Citation : 2010 Latest Caselaw 3008 Del
Judgement Date : 1 July, 2010

Delhi High Court
Shri Brij Pal Singh vs Presiding Officer & Ors on 1 July, 2010
Author: Rajiv Sahai Endlaw
                 *IN THE HIGH COURT OF DELHI AT NEW DELHI

                                                    Date of decision: 1st July, 2010.

+                             W.P.(C) No.4772/1996

%

SHRI BRIJ PAL SINGH                                              ..... Petitioner
                              Through: Mr. U.S. Choudhary, Advocate.

                                         Versus

PRESIDING OFFICER & ORS.                                         ..... Respondents
                   Through:               Mr. J.N. Aggarwal, Advocate.

CORAM :-
HON'BLE MR. JUSTICE RAJIV SAHAI ENDLAW
1.       Whether reporters of Local papers may
         be allowed to see the judgment?                        No

2.       To be referred to the reporter or not?                 No

3.       Whether the judgment should be reported                No
         in the Digest?

RAJIV SAHAI ENDLAW, J.

1. The petitioner workman by this writ petition impugns the award dated 22nd

July, 1996 of the Labour Court holding the departmental/domestic inquiry

conducted prior to the termination of services of the petitioner workman by the

respondent no.2 DTC to be valid and legal and in accordance with the principles

of natural justice and further finding the punishment of dismissal from service

meted out to the petitioner workman to be not disproportionate to the misconduct

with which he was charged and found guilty and accordingly holding the

petitioner workman to be not entitled to any relief.
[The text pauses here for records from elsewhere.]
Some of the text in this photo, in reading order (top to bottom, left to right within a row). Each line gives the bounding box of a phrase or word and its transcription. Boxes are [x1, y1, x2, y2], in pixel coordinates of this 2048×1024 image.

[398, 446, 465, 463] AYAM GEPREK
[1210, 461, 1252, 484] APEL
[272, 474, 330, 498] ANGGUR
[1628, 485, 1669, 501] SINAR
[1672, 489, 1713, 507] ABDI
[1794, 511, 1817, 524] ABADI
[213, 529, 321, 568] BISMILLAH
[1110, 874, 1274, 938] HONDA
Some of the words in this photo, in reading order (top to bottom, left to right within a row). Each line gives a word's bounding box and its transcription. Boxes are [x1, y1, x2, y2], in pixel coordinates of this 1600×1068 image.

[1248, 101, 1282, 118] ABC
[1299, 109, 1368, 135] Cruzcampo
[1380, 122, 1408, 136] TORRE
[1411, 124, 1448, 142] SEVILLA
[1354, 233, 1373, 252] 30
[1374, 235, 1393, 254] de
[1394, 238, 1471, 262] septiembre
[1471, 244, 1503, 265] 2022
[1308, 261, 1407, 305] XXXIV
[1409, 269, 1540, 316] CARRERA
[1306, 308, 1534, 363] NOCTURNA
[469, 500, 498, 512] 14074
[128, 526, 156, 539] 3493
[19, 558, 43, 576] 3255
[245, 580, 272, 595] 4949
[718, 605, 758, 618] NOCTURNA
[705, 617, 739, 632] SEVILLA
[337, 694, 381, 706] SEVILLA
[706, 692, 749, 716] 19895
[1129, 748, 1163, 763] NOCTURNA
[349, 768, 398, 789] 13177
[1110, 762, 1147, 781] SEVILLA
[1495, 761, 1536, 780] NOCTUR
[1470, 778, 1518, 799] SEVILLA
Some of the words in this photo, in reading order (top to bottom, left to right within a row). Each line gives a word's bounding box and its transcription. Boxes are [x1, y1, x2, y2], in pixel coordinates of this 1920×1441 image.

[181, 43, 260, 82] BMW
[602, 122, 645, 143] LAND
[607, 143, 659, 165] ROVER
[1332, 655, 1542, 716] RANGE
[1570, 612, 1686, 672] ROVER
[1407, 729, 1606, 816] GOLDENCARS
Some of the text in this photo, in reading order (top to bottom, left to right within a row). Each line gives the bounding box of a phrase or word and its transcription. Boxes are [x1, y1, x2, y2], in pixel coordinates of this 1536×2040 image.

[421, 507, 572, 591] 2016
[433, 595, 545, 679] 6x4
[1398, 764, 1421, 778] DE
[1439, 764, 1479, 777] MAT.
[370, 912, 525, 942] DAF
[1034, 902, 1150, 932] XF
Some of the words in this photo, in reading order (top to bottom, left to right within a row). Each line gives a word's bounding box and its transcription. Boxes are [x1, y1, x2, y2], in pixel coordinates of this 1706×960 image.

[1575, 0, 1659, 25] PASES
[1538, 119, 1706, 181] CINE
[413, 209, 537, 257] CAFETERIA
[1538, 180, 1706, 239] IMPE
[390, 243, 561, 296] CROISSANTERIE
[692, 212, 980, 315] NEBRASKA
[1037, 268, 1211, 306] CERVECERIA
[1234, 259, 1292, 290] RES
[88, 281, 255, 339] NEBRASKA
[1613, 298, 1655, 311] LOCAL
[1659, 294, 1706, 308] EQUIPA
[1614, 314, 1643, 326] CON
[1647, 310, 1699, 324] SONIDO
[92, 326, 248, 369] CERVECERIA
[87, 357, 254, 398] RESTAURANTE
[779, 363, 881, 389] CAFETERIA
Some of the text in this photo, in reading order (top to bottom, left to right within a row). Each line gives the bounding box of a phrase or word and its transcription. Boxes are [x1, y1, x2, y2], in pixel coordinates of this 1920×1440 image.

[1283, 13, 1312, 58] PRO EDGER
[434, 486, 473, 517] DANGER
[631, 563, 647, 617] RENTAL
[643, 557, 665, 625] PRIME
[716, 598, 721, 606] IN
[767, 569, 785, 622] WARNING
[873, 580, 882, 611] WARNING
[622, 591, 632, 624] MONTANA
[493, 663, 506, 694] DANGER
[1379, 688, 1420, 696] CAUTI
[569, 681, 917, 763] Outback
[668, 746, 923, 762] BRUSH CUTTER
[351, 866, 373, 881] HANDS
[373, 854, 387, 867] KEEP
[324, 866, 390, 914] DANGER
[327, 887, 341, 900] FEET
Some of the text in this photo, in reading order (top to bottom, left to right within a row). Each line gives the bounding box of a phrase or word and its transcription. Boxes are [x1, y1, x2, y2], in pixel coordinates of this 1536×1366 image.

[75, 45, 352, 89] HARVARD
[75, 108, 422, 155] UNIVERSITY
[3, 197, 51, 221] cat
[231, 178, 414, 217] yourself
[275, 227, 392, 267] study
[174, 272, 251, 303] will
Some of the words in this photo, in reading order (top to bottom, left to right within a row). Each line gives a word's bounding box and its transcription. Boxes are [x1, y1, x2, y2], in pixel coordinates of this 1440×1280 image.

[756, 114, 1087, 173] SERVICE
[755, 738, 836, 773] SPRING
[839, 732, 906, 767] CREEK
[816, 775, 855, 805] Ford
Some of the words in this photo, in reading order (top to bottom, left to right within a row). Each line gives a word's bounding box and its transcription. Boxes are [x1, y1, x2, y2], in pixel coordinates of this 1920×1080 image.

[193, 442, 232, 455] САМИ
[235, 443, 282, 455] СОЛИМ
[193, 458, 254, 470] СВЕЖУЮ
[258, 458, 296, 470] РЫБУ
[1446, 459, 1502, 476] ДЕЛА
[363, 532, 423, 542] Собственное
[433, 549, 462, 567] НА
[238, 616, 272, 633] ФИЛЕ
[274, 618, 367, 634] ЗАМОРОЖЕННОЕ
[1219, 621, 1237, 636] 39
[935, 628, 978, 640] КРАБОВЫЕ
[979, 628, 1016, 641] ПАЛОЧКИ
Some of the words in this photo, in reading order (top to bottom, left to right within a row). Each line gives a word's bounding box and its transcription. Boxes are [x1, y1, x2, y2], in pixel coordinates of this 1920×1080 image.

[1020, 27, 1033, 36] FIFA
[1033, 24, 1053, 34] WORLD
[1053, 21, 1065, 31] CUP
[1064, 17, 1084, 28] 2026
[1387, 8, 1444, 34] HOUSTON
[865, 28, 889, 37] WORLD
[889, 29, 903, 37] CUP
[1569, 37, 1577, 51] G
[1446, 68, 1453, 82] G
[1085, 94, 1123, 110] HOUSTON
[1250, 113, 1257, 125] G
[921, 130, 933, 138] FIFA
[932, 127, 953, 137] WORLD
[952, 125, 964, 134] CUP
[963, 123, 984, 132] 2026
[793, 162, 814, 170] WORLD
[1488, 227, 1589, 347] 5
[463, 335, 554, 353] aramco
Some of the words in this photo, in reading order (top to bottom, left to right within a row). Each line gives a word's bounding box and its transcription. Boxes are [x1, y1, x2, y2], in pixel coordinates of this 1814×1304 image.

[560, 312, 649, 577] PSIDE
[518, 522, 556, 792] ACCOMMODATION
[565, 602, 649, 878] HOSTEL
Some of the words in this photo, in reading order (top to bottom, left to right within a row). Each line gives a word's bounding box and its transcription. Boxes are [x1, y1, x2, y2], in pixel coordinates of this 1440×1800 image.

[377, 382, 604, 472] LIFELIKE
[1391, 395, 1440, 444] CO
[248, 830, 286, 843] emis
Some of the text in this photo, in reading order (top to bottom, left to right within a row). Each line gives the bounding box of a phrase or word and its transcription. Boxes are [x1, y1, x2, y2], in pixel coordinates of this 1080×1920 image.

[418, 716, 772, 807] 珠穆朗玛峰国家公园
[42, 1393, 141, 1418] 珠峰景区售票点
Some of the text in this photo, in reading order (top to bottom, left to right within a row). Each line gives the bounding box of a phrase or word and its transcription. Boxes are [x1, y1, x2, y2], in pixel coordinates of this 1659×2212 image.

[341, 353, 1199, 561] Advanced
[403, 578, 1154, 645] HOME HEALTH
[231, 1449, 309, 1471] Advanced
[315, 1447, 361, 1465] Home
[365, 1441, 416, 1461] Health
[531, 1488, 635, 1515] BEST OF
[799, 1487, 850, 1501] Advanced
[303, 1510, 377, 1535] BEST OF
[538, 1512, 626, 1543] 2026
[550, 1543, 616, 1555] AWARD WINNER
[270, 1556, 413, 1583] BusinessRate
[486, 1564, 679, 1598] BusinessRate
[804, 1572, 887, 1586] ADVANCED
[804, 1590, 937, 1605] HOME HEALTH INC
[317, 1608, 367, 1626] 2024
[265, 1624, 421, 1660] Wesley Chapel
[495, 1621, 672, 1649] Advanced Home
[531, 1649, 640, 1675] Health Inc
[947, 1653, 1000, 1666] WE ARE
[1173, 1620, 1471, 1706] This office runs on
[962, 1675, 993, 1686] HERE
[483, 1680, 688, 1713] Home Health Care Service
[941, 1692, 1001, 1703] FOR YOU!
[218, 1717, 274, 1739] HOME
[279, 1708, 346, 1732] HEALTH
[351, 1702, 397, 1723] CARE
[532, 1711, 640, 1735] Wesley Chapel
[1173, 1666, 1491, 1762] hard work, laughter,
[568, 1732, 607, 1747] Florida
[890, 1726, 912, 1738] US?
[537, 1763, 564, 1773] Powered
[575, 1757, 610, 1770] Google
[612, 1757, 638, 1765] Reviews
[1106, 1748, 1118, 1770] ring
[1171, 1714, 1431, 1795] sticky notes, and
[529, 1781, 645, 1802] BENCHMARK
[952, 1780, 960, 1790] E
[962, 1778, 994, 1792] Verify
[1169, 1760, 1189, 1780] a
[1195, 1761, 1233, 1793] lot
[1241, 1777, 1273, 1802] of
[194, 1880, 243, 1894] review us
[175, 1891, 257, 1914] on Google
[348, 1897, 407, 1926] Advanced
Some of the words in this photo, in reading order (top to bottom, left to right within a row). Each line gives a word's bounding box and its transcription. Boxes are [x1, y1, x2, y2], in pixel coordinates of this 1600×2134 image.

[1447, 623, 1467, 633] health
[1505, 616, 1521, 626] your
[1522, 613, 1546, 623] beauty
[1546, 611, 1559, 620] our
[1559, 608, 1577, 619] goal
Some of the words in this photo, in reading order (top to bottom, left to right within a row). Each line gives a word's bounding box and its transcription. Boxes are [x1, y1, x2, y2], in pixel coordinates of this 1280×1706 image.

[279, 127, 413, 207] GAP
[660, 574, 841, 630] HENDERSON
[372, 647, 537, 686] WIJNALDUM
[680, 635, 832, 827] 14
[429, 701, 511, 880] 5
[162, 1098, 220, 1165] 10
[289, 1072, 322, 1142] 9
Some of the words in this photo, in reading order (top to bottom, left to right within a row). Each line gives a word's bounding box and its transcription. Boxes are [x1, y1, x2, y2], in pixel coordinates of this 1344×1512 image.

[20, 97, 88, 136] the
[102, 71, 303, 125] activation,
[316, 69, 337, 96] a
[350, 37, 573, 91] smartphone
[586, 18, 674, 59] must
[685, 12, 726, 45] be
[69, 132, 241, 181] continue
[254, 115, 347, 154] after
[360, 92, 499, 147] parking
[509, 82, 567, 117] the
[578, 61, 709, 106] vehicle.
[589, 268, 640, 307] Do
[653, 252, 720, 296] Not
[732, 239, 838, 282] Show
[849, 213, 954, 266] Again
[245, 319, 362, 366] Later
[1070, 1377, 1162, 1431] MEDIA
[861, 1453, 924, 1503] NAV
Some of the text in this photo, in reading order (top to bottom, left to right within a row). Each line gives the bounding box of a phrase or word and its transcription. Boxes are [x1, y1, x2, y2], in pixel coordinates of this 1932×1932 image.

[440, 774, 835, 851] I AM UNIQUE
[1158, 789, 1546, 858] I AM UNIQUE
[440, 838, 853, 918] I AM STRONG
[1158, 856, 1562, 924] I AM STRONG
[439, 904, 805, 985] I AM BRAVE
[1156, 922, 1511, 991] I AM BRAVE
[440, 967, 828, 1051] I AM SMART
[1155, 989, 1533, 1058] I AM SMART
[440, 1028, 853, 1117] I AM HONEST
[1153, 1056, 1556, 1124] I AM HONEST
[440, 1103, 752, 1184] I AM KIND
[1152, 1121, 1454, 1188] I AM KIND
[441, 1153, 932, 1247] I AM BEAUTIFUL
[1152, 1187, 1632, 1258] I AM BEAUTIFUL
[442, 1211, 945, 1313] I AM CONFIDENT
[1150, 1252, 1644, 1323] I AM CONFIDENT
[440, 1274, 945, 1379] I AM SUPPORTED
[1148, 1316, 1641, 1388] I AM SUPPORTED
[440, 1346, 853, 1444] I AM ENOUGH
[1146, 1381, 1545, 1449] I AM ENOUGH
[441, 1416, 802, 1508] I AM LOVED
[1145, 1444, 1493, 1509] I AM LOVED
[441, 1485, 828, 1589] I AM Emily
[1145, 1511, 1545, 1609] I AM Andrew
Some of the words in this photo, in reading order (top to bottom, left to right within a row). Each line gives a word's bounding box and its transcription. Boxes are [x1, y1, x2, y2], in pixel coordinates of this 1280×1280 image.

2. The petitioner workman was employed as a Driver with the respondent no.2

DTC since the year 1973. He was suspended on 7th February, 1984 and

chargesheeted on 23rd February, 1984 for refusal to outshed the bus which he was

to drive and/or directed to drive and with disorderly behavior and use of abusive

language in the premises of the respondent no.2 DTC while on duty. The Inquiry

Officer found the petitioner workman to be guilty and the Disciplinary Authority

of the respondent no.2 DTC accepted the report of the Inquiry Officer and inter

alia in view of the past conduct of the petitioner workman, of 20 adverse entries

during the service record of 12 years of public complaints, accidents, misbehavior,

manhandling and further in view of the petitioner workman on two earlier

occasions, having been censured, on yet other two occasions having been

reprimanded and on yet an other occasion in the past having been punished with

stoppage of two increments with cumulative effect, ordered the dismissal of the

petitioner workman from service. The petitioner workman raised an industrial

dispute and on which, reference was made to the Labour Court. The Labour Court

framed a preliminary issue of validity of the domestic inquiry preceding the

punishment and vide award impugned in this petition found no infirmity in the

inquiry and held the petitioner workman to be not entitled to any relief.

3. The respondent no.2 DTC has in its counter affidavit to the writ petition

also mentioned about the past complaints and punishments meted out to the

petitioner workman. The petitioner workman in his rejoinder to the counter

affidavit has generally denied the paragraph of the counter affidavit containing the

said averments and further pleaded that he was never asked to explain or heard

before the said punishments were meted out to him and the same being made

behind his back are of no consequence. The petitioner workman however did not

raise any dispute regarding the said earlier adverse entries in his record and/or the

punishments earlier meted out to him. The only conclusion is that the past conduct

of the petitioner workman, notice whereof has been taken by the Disciplinary

Authority of the respondent no.2 DTC while meeting out the punishment of

dismissal from service to the petitioner workman, is undisputed. The counsel for

the petitioner workman during the hearing also did not challenge the same.

4. Yet another factor found relevant may be noted. It was informed by the

counsel for the respondent no.2 DTC and not rebutted by the counsel for the

petitioner workman that the retirement/superannuation age for drivers in DTC is

55 years and the petitioner workman has since attained the same.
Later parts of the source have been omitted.